Devido a complicações que ofereciam risco à vida da mãe e da criança, os médicos decidiram antecipar o parto. Mislane contava o sexto mês de gravidez quando Thayna nasceu, por meio de uma cesariana, no dia 27 de julho de 2018.
Logo após o nascimento veio o calvário. A bebê apresentou problemas respiratórios e depois de uma mal sucedida tentativa de entubá-la para melhorar a respiração produziram ferimentos na garganta da criança, e com eles novos riscos à vida de Thayná.
A equipe médica já havia decidido que por ser prematura a bebé seria transferida para outro hospital logo após o parto. Devido aos poucos recursos do Hospital de Bertioga a medida visava garantir a vida da criança. Porém, a transferência só aconteceu três dias depois do nascimento.
Já com o estado de saúde agravado, ela foi transferida para o Hospital Irmã Dulce, em Praia Grande. Em face da estrutura deficitária da unidade de saúde bertioguense o “Irmã Dulce” até pode ser considerado um hospital de primeiro mundo, tanto que sua equipe médica salvou a bebê.
A coincidência da vida e morte da menina é que os médicos que a salvaram no hospital em Praia Grande, quando ela estava com três dias de vida, foram os mesmos que a atenderam no Hospital Guilherme Álvaro, em Santos, para onde foi transferida. Mas, desta vez eles não conseguiram sucesso: ela morreu no dia 20 de abril de 2024.
Maratona: Famílias bertioguenses correm à saúde e depois recorrem ao Judiciário
A quantia paga ao INTS para trabalhar a saúde de Bertioga tem custado caro a muitas vidas
O Hospital Municipal de Bertioga é gerido pelo Instituto Nacional de Tecnologia e Saúde (INTS), que se afirma Organização Social de Saúde (OSS) sem fins lucrativos. A informação contrasta ao valor do seu contrato com a prefeitura de Bertioga, que passa dos R$ 50 milhões anuais. O montante é patrocinado para trabalhar o hospital municipal e outros equipamentos de saúde da cidade.
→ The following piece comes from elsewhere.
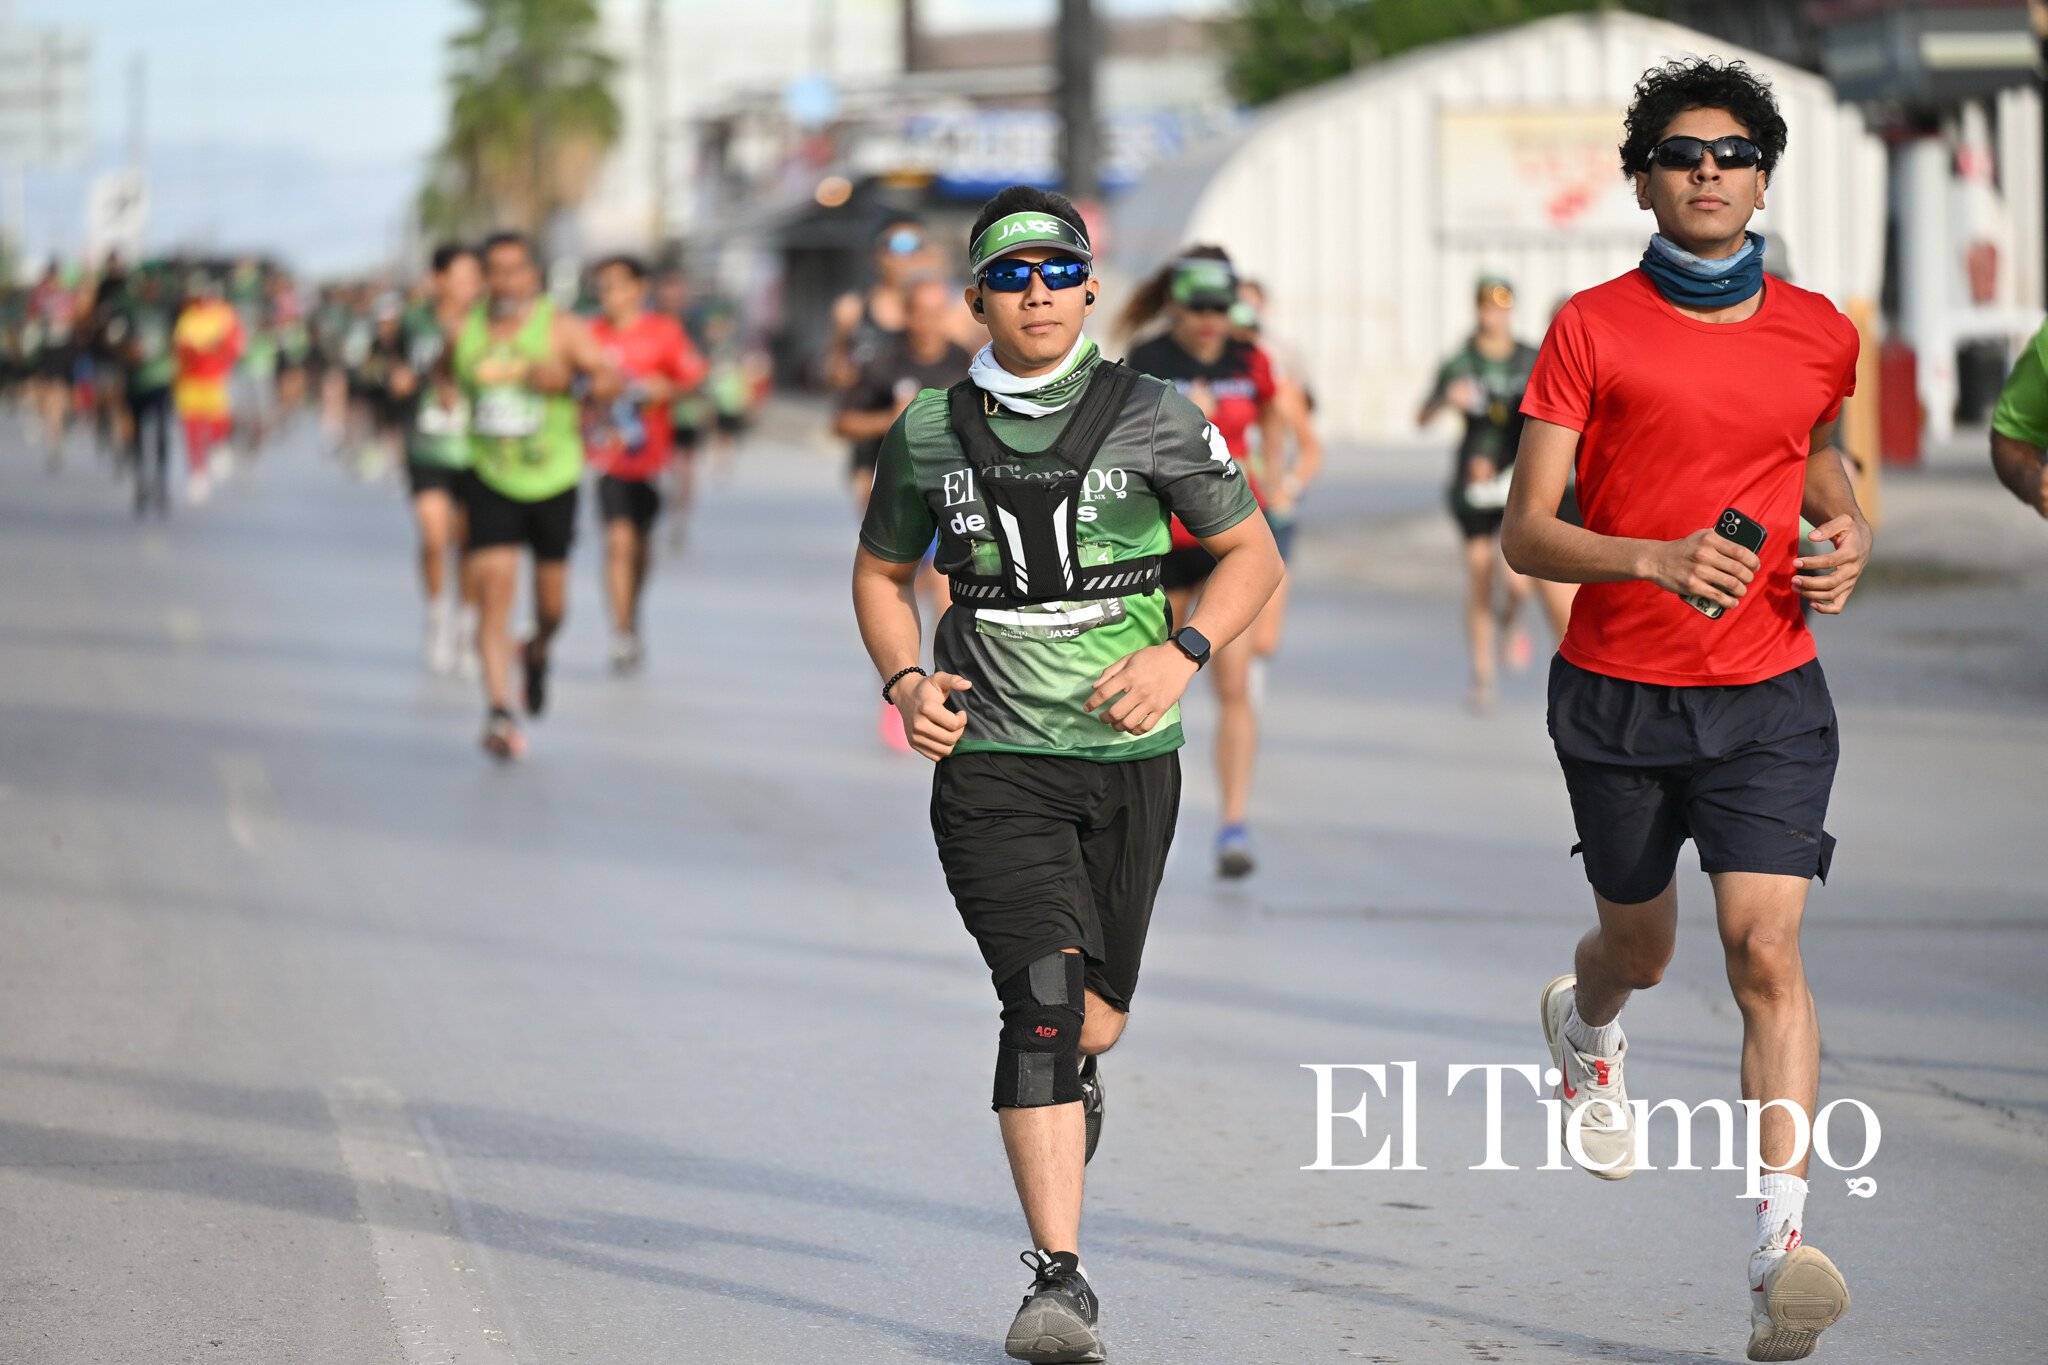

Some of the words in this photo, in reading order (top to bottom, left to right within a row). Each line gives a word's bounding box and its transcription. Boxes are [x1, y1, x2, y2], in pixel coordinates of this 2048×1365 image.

[941, 467, 977, 508] El
[950, 511, 986, 535] de
[1035, 1025, 1059, 1037] ACE
O INTS tem contratos com outras prefeituras paulistas. Na região do Alto Tietê, ele está presente nas prefeituras de Mogi das Cruzes, Suzano e Itaquaquecetuba. Destaca-se que a matriz do INTS fica na Bahia. O valor de seus contratos não anulam a identificação "sem fins lucrativos", mas arremessa para a distância os possíveis ideais altruístas do instituto.
No final das contas contratuais de cifras milionárias quem pouco, ou nada, lucra com os serviços da área deficitária saúde de Bertioga é quem está na ponta do iceberg: a população. É ela sofre nas filas das unidades de saúde geridas pelo instituto na cidade. Pessoas, ora correm ao hospital e depois recorrem à Justiça, por danos de vida e morte.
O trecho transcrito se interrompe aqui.